As questões costumam apresentar enunciados claros, sem uma nomenclatura excessiva e com uma pertinente aferição dos conteúdos, permitindo, assim, avaliar com eficiência a funcionalidade das formas e os mecanismos da Língua Portuguesa.
O estudo dessas formas e desses mecanismos gramaticais não pode ser feito fora do contexto em que ocorrem, pois é aí que adquirem seu pleno sentido. Mais importante que saber identificar uma ocorrência gramatical - e lhe dar um nome - é interpretar seu papel na construção do sentido do texto em que está inserida e acionar as formas e os mecanismos gramaticais mais apropriados para produzir o significado que se tem em mente.

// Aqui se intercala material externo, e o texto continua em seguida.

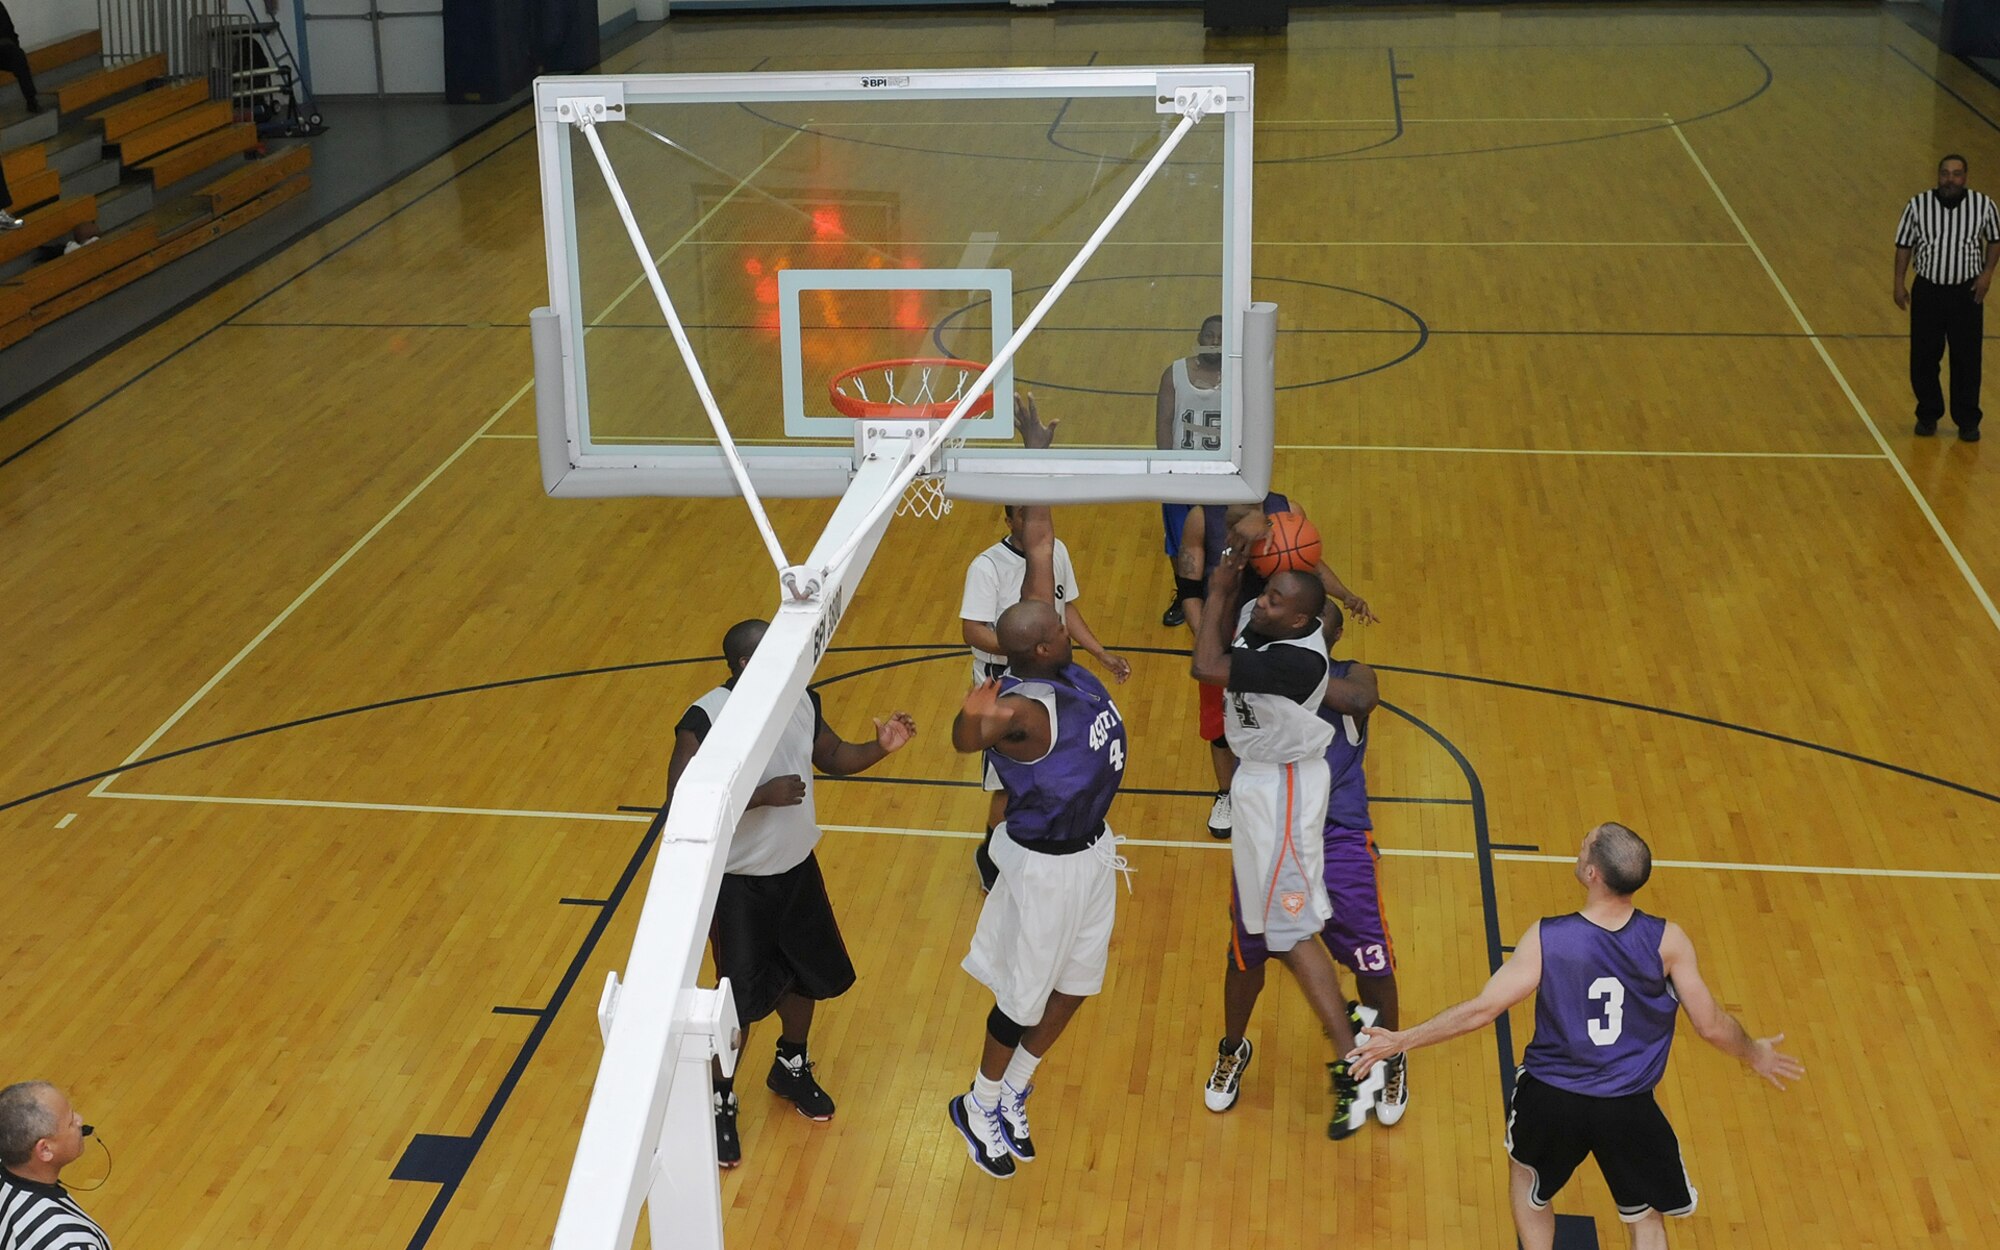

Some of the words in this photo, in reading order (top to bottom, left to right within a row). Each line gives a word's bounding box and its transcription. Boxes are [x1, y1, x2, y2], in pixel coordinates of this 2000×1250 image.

Por isso, a maioria das questões de Língua Portuguesa é proposta a partir de um texto ou do fragmento de um texto, solicitando que o candidato avalie a contribuição de ocorrências gramaticais para o significado global do trecho em que estão inscritas.

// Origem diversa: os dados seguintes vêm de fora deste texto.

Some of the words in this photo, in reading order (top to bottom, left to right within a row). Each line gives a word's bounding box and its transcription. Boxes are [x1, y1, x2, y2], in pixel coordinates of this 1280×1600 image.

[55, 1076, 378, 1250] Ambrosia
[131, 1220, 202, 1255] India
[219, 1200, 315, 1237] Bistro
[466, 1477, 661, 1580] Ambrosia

Ao lado das questões mais criativas ocorrem também questões tradicionais, como as de correção de frases, que envolvem simultaneamente vários itens gramaticais.
Para uma preparação consciente, deve-se estudar com prioridade aquele núcleo que, em geral, dá cobertura à maioria das questões:
concordância;
verbo (sobretudo a conjugação e o emprego dos tempos);
classes de palavras (sobretudo o seu papel na construção do significado do texto);
análise sintática do período simples e do período composto;
uso dos pronomes (do ponto de vista da correção e do seu papel na coesão do texto);
pontuação (sobretudo sua interferência no sentido da frase);
processos de formação de palavras;
regência;
colocação;
crase;
acentuação gráfica;
coesão;
coerência;
recursos argumentativos.
Quanto à Redação, o exame costuma ser elaborado a partir de uma coletânea, composta por textos, cartoons, quadros informativos etc., que fornece dados a serem considerados na elaboração, sobretudo, de um texto dissertativo em prosa, por meio do qual o aluno é solicitado a refletir sobre o tema proposto. Após a leitura consciente da coletânea, o candidato deve produzir a dissertação, que, resumidamente, deverá apresentar os seguintes traços:
estrutura ortodoxa (introdução, desenvolvimento/argumentação e conclusão);
apreensão do tema (delimitação e compreensão);
abstração (trabalho com idéias, definições e conceitos);
predomínio da argumentação (defesa de um determinado ponto de vista);
levantamento das hipóteses explicativas (sobre dados e fatos fornecidos pela coletânea);
encadeamento lógico (e não temporal);
exposição de comentários (acerca do tema);
utilização do tempo presente;
exploração de recursos discursivos e lingüísticos (como melhor utilizar as palavras para dar consistência ao texto);
coesão e coerência.
Sempre é bom lembrar que a melhor postura para se dissertar é escrever impessoalmente, como se o autor do texto fosse o bom senso, a lógica, a razão. Uma dissertação não se dirige a um leitor específico ou a um grupo deles; mas, sim, a um ?leitor universal?. Lembrar ainda: nas provas de Redação, como os candidatos têm um espaço diminuto para demonstrar sua capacidade de reflexão sobre determinado tema, devem se pronunciar por meio de uma linguagem pragmática. Afinal, o texto deve revelar a identidade intelectual e emocional de quem o escreveu.